Food is a central tenet to socialising for most people. Many friends and family have struggled with the fact that for us it is better if socialising takes on another form. We tell people that we prefer activity based socialising, like going for a walk, rather than eating.

Then there is the fact that many people think we are total nutters for putting our children and ourselves on this restricted diet. They simply cannot fathom how we could be so healthy and energetic when consuming such a limited variety of food. I sometimes wonder what people think of me…do they think I’m an obsessive, overprotective mum? Or just weird maybe? Either way, I have to shrug it off because I know too well what happens to home harmony when we put a foot wrong, and for one tangerine it’s just not worth it!

I thought I’d share with you a really popular recipe of ours, the Mashed Potato Volcano.

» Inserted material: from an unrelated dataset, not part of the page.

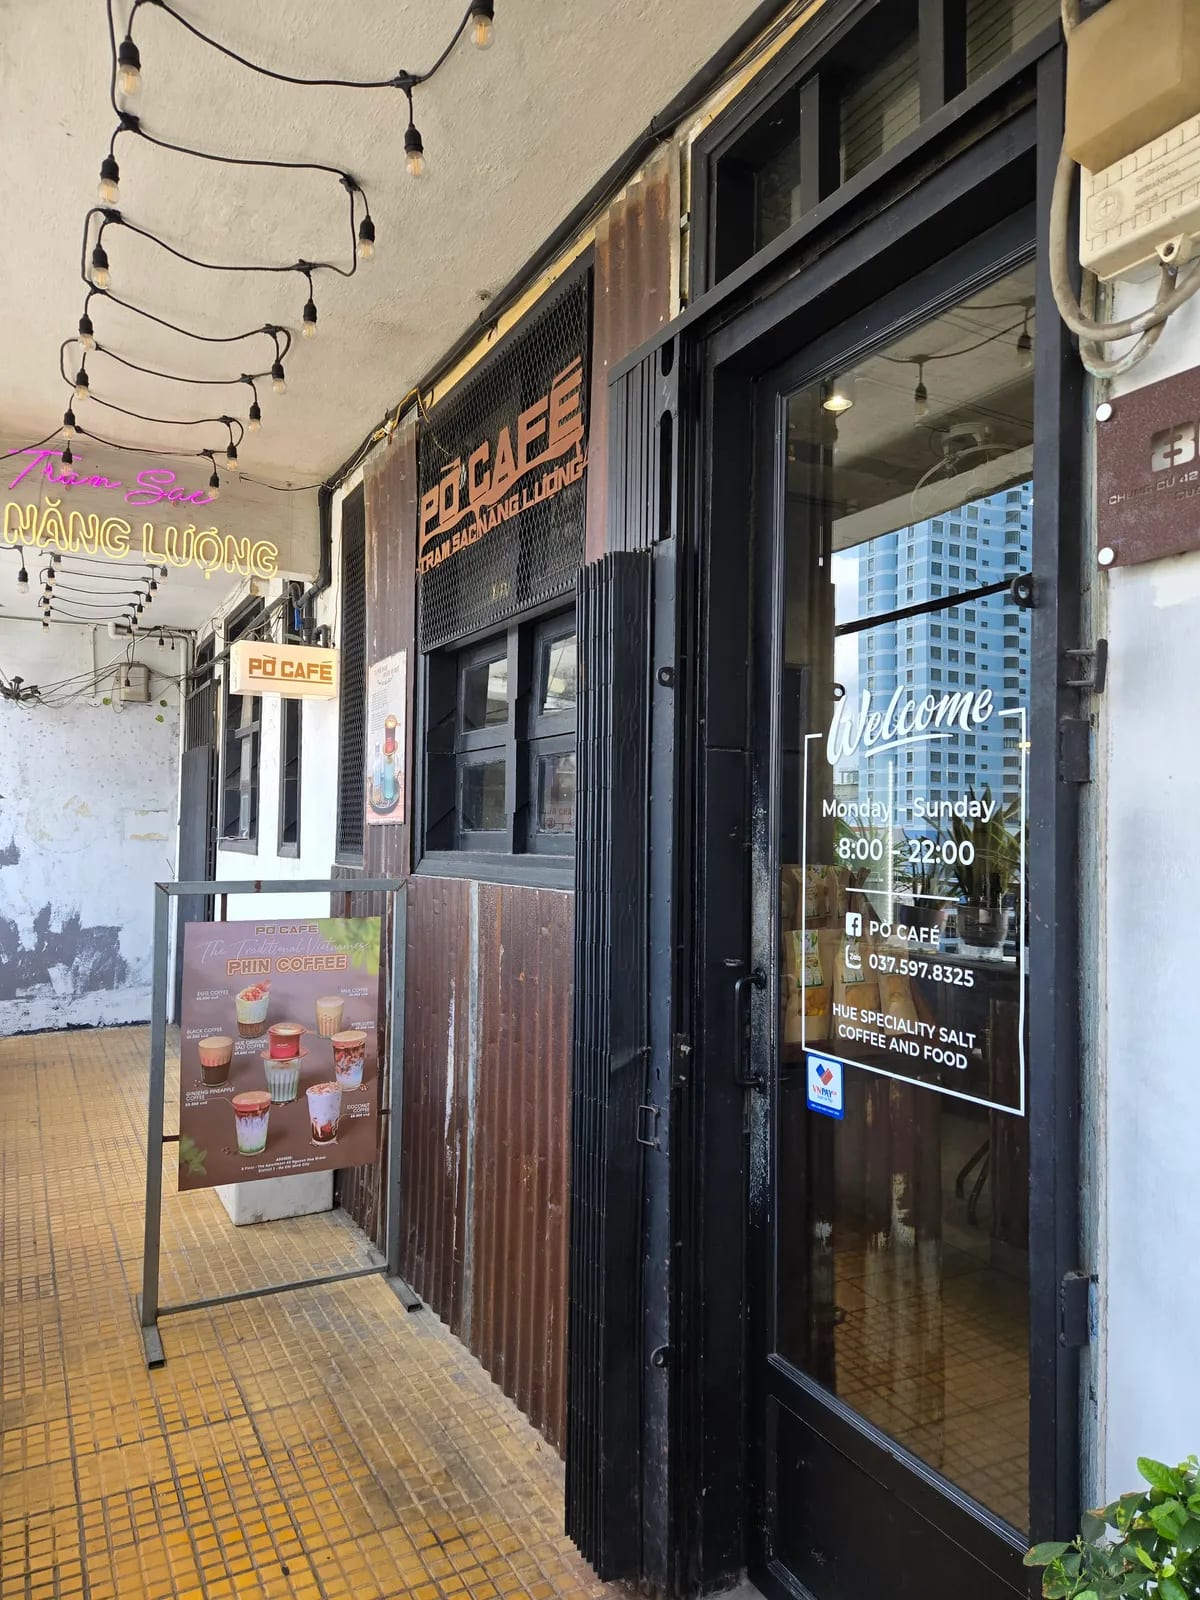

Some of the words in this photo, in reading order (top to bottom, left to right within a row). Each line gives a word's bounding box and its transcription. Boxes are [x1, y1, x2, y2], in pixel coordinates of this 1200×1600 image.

My girls love to help make it by placing the rocks, fish and lava onto the volcano, and because is is easy for them to serve themselves, it helps to make them feel that little bit more grown up at dinnertime.

mashed potato volcano recipe - food intolerance - elimination diet

You will need:

  • 6 large, white, thickly peeled potatoes = the Volcano
  • 1 tin of butter beans= rocks
  • 1 tin of kidney beans= fish
  • 1/2 green cabbage = the ocean or seaweed
  • Handful of shredded red cabbage and/or grated carrot (not eaten by the most food sensitive in our family as it is a ‘moderate’ food) = the Hot Lava
  • Salt
  • Sunflower Oil

To make:

  1. Chop, and boil the potatoes until they are soft enough to mash. Because we are dairy free, I make the mash with salt and sunflower oil, you might be surprised at how delicious this actually is.
  2. Next, chop and saute the green cabbage in sunflower oil slightly before lightly boiling until soft (it’s better if it’s not overcooked).
  3. Rinse the tinned beans under running water.
  4. Shape the mash into a mountain and scatter the green cabbage around to make the ocean. The kids can then place on the beans (rocks and fish) and help scatter the red cabbage (lava) on top.
  5. Eat and enjoy! Left-overs serve up really well the next day too.

Have fun and do let me know if you make it. Do you have any favourite family friendly recipes to share with other families with food intolerance kids?


  1. Thank you so much for sharing! Whenever it’s suggested that as a playdate we meet for ‘lunch’ I always cringe! Just not an option for us….plus with a picky eater he is not motivated by food to sit at all….Thanks for helping me feel ‘normal’! 😉

  2. Thanks for your comment Jamie! It’s always good to know we aren’t alone!

  3. I am new to this site and very interested in your experiences. My little guy just turned one, and it has been the year from hell as we have navigated his food allergies and intolerances (from anaphylaxis reactions that have sent us to the ER to delayed responses that caused 10 months of crying, irritabilty, insomnia, etc. ) Poor baby screamed and screamed and didn’t sleep, but the doctors just said he was “fussy.” He has been off dairy, soy, egg, and nuts for two months, and has gone from sleeping 6 hours a night (during which he would wake up and scream inconsolably) to sleeping 11 hours a night with no crying!